>And why do devs do this? TBH, I really don't know.
it's one of the pillars of the unix philosophy at work - text is the universal interface.
your nice rich type requires figuring out how that type works, maybe even reading documentation. if you make it a string, you can just treat it like a string. and we all know how to handle strings, or at least how to copy code from somewhere else that handles strings.
C#'s System.Object base type contains a ToString, allowing any richer object to fallback into such inefficient systems if required.
I'd also caution that "everything is a string so no need to read the documentation" is unrealistic and even outright dangerous. *NIX's string philosophy has directly resulted in multiple security vulnerabilities.
I'm not so sure about the documentation part, but this seems valid at face value:
> it's one of the pillars of the unix philosophy at work - text is the universal interface.
In general, text is indeed the lowest common denominator that's available to you and fits with the majority of GNU tools nicely (and how most *nix distros are structured). Of course, some structure helps, since dealing with something like Nginx or Apache2 text logs might not be as nice as having your logs in JSON, though in regards to configuration files or program output there's lots of nuance - structured text (like JSON) will be easier to work with programmatically but might not be as nice to look at. Working with binary data in comparison can be asking for problems, to the point where using SQLite for your application data might make more sense: https://sqlite.org/appfileformat.html
In this particular case, however, the conversions were made within the confines of a single program, so the interop is indeed not a valid concern here. A properly written type might indeed allow you to avoid various inefficiencies. If you're not serializing your objects and whatnot to make the life of the consumer of your data easier (be it another tool, or a REST/SOAP API client that needs JSON/XML, or a configuration file on the file system), then there's not that much point in doing those conversions.
Unfortunately "text is the universal interface" is pretty much a lie, for the exact same reason that "bytes in memory are the universal interface" is a lie.
An interface has some kind of structure for the data (and operations) that it represents.
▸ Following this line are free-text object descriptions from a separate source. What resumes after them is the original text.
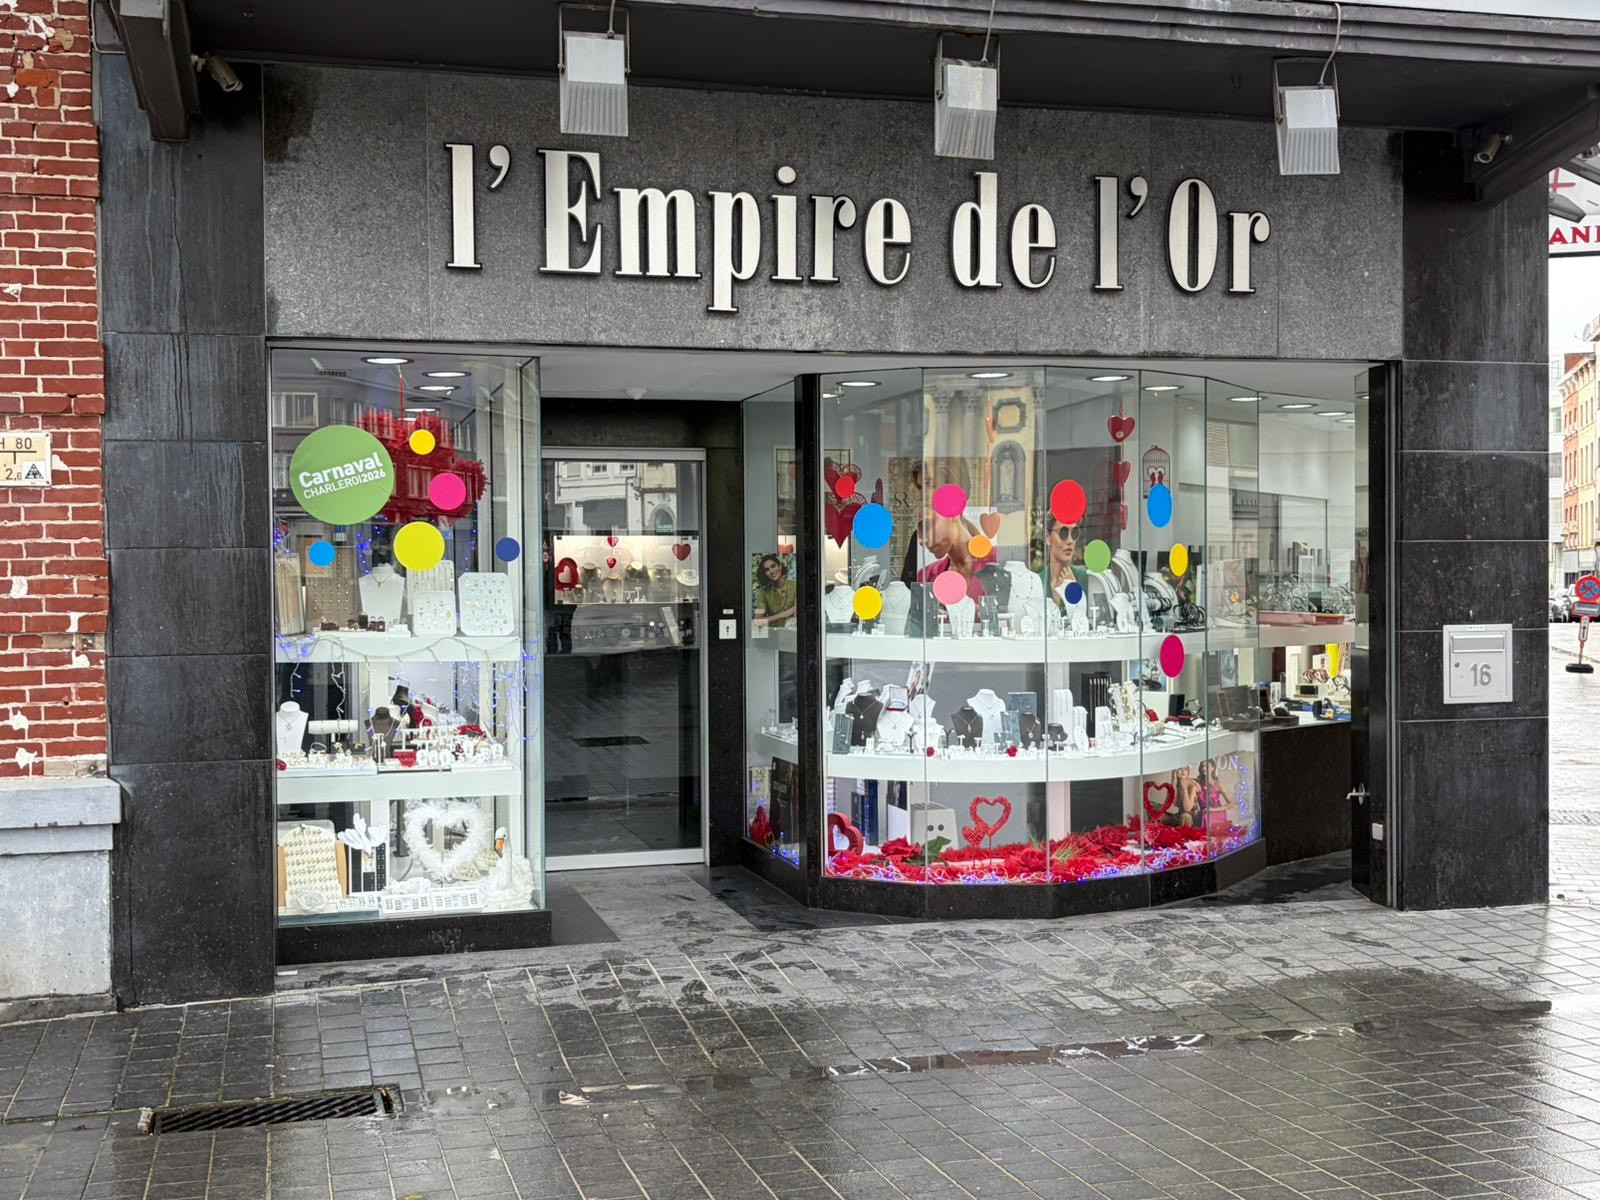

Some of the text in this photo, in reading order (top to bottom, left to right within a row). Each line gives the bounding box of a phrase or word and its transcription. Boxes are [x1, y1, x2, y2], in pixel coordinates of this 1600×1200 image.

[953, 172, 1058, 289] de
[1094, 175, 1271, 292] l'Or
[15, 437, 32, 449] 80
[299, 451, 384, 488] Carnaval
[1470, 663, 1492, 687] 16
That structure may be explicitly defined or left implicit, but it is always there. And in the vast majority of cases, that structure is more complex than "a single independent string".
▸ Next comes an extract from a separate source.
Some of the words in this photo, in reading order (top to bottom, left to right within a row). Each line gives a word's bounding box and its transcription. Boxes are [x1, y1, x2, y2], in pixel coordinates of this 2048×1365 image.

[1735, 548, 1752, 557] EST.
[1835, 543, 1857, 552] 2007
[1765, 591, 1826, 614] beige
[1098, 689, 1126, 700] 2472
That's where the whole "pipe text between processes" approach breaks down - in many cases, you aren't just dealing with a single string, but with some sort of structured data that just happens to be encoded as human-readable text. That it's "text" is entirely immaterial to the structure of the data, or how to work with it.
And that's how you end up with every CLI tool implementing its own set of subtly incompatible data parsers and stringifiers. This is strictly worse than having a standardized structural format to communicate in.
> That structure may be explicitly defined or left implicit, but it is always there.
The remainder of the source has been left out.